▶

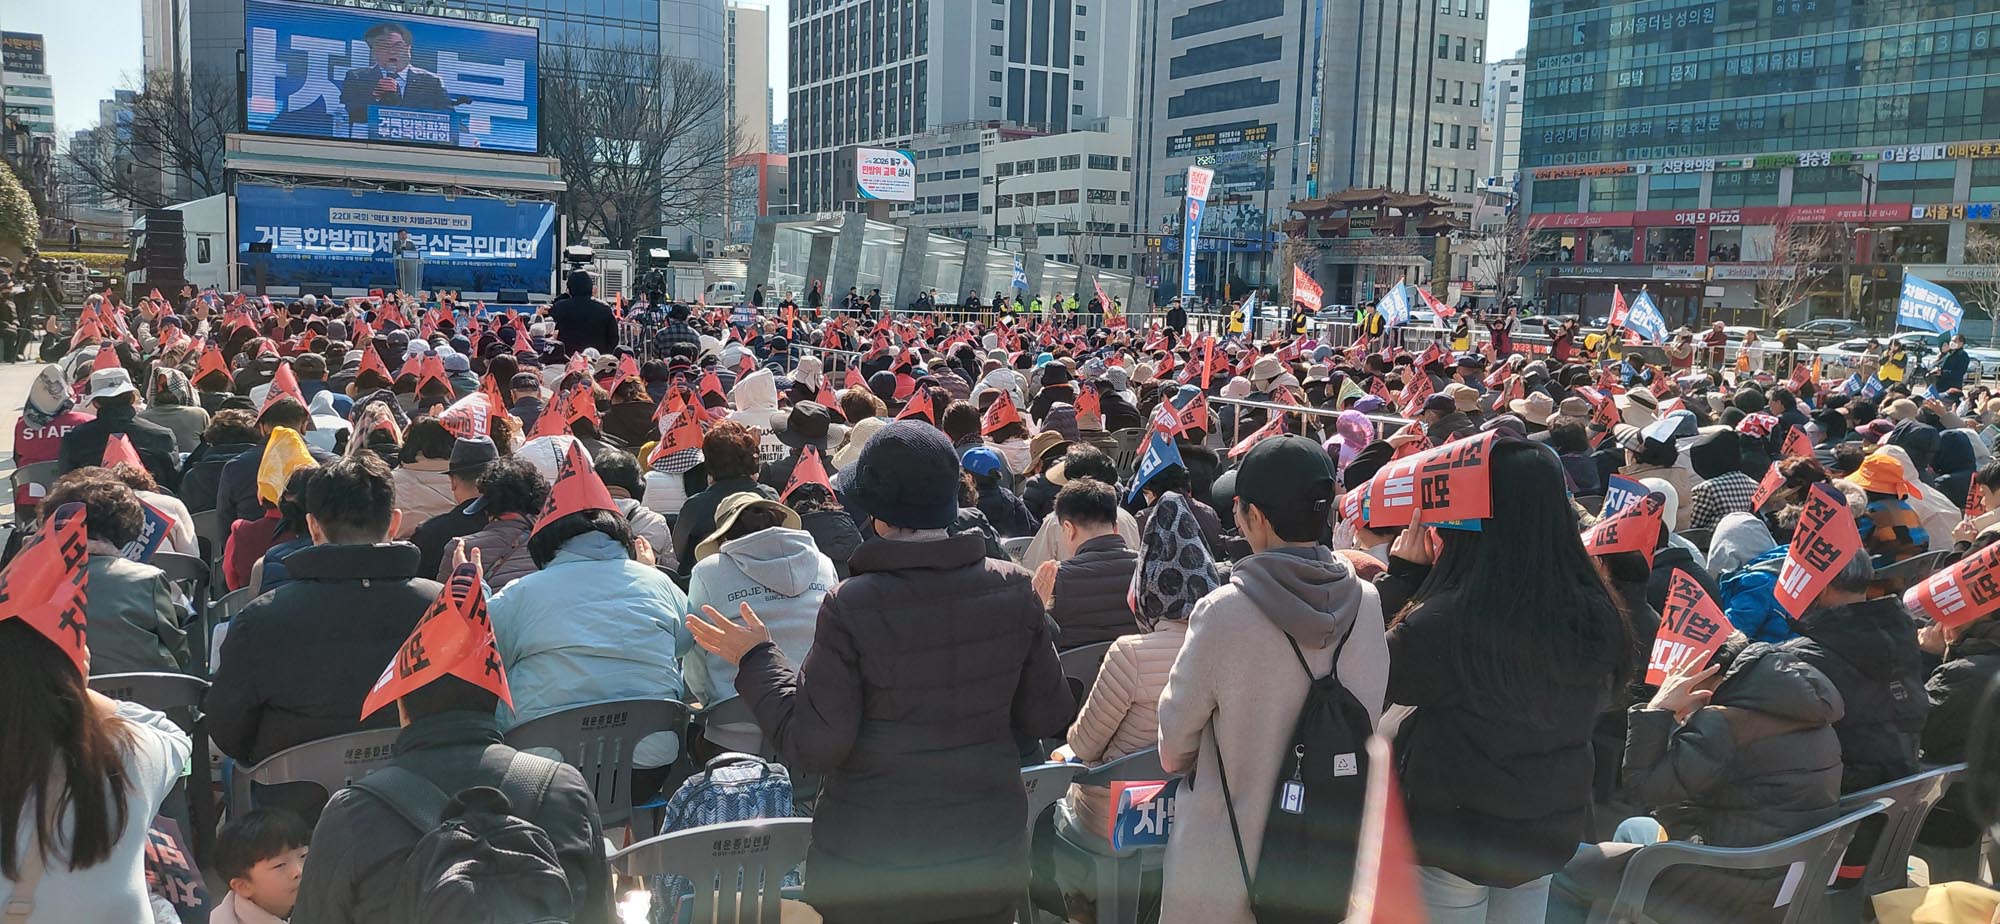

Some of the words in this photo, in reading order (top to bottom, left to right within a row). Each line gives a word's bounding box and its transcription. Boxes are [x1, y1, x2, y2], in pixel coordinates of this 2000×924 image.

[1623, 7, 1715, 34] 서울더남성의원
[1538, 52, 1583, 68] 남성수술
[1619, 69, 1644, 86] 도박
[1671, 63, 1697, 81] 문제
[1544, 121, 1652, 144] 삼성메디이비인후과
[1663, 158, 1715, 174] 신당한의원
[332, 212, 350, 221] 22대
[353, 212, 369, 222] 국회
[391, 215, 408, 224] 최악
[452, 218, 468, 227] 반대
[1675, 213, 1706, 225] 이재모
[1709, 211, 1740, 224] Pizza
[255, 226, 398, 254] 거룩한방파제
[408, 234, 538, 259] 부산국민대회
[1583, 266, 1603, 274] YOUNG
[1904, 283, 1962, 317] 차별금지법
[23, 425, 75, 440] STAF
[759, 444, 769, 453] ET
[772, 444, 784, 453] THE
[727, 586, 762, 602] GEOJE
[1661, 605, 1721, 645] 지법

◀

## What you have to do
Would you output the listing above verbatim, without its pictures?

## Exercise response
Some of the words in this photo, in reading order (top to bottom, left to right within a row). Each line gives a word's bounding box and its transcription. Boxes are [x1, y1, x2, y2], in pixel coordinates of this 2000×924 image.

[1623, 7, 1715, 34] 서울더남성의원
[1538, 52, 1583, 68] 남성수술
[1619, 69, 1644, 86] 도박
[1671, 63, 1697, 81] 문제
[1544, 121, 1652, 144] 삼성메디이비인후과
[1663, 158, 1715, 174] 신당한의원
[332, 212, 350, 221] 22대
[353, 212, 369, 222] 국회
[391, 215, 408, 224] 최악
[452, 218, 468, 227] 반대
[1675, 213, 1706, 225] 이재모
[1709, 211, 1740, 224] Pizza
[255, 226, 398, 254] 거룩한방파제
[408, 234, 538, 259] 부산국민대회
[1583, 266, 1603, 274] YOUNG
[1904, 283, 1962, 317] 차별금지법
[23, 425, 75, 440] STAF
[759, 444, 769, 453] ET
[772, 444, 784, 453] THE
[727, 586, 762, 602] GEOJE
[1661, 605, 1721, 645] 지법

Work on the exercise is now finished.